A main goal for Clyde is staying in touch with constituents.

“I’ll be sending out emails on a regular basis that give updates to folks about what’s going on, where I’ve been in the district and what I’ve been doing in D.C.,” he said. “It’s very important we keep our district apprised as to what I’m doing and where I’ll be.”

Clyde also said he’s exploring “telephone town halls,” an approach Collins took in connecting with residents of the mostly Republican Northeast Georgia district, and “coffee with a congressman” events.

It’s all about “the opportunity just to stay in touch with the district,” he said.

Clyde’s journey to the office was hardly an easy one.

The Clyde Armory owner was one of nine GOP candidates seeking to replace Collins, who unsuccessfully ran to replace U.S. Sen. Kelly Loeffler, now caught up in a high-profile Jan. 5 run-off with Democratic challenger Raphael Warnock.

Clyde finished second in the GOP primary on June 9, but won a hard-fought runoff against Rep. Matt Gurtler in the Aug. 11 runoff.

He easily won the general election against Democratic challenger Devin Pandy.

“I’m very humbled by the voters of the 9th District and their strong support of our campaign and the platform on which I stand,” he said at the time. “I’m very honored by it and look forward to representing the entire 9th District in Washington, D.C.”

Although he represents a strongly Republican district, the House has a Democratic majority despite GOP gains.
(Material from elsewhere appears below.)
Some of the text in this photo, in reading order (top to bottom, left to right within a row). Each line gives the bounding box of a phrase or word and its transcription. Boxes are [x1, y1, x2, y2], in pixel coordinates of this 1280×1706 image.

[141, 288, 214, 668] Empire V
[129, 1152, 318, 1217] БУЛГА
“It will be much less enjoyable for him being part of a minority rather than the majority,” said University of Georgia political scientist Charles Bullock, on Wednesday, Dec. 30.
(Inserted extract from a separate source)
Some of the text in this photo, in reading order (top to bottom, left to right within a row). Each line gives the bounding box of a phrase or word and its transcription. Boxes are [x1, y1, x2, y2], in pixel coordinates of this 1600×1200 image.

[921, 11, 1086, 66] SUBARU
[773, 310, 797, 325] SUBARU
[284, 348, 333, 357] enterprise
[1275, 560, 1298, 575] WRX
“And as a freshman on a committee, he’s not going to be able to play much of a role. If you’re a junior member of the minority party, you’re going to be mainly watching and observing — which isn’t bad, as you get to learn the ropes and expectations.”

Freshman legislators “can find some bills that relate to (their) platform and sign on as a co-sponsor,” Bullock said.

One of Clyde’s biggest issues should come as no surprise given his occupation — gun rights, or the Second Amendment. Also, he has said rural broadband improvement and opposing abortion are other main concerns.

“This campaign is not about me,” he said after his Nov. 3 election. “It’s about saving the unborn, it’s about protecting and restoring our constitutional rights under the Second Amendment. It’s about securing our country’s borders, and it’s about defending and protecting our law enforcement and giving them the support they need in order to uphold our laws.”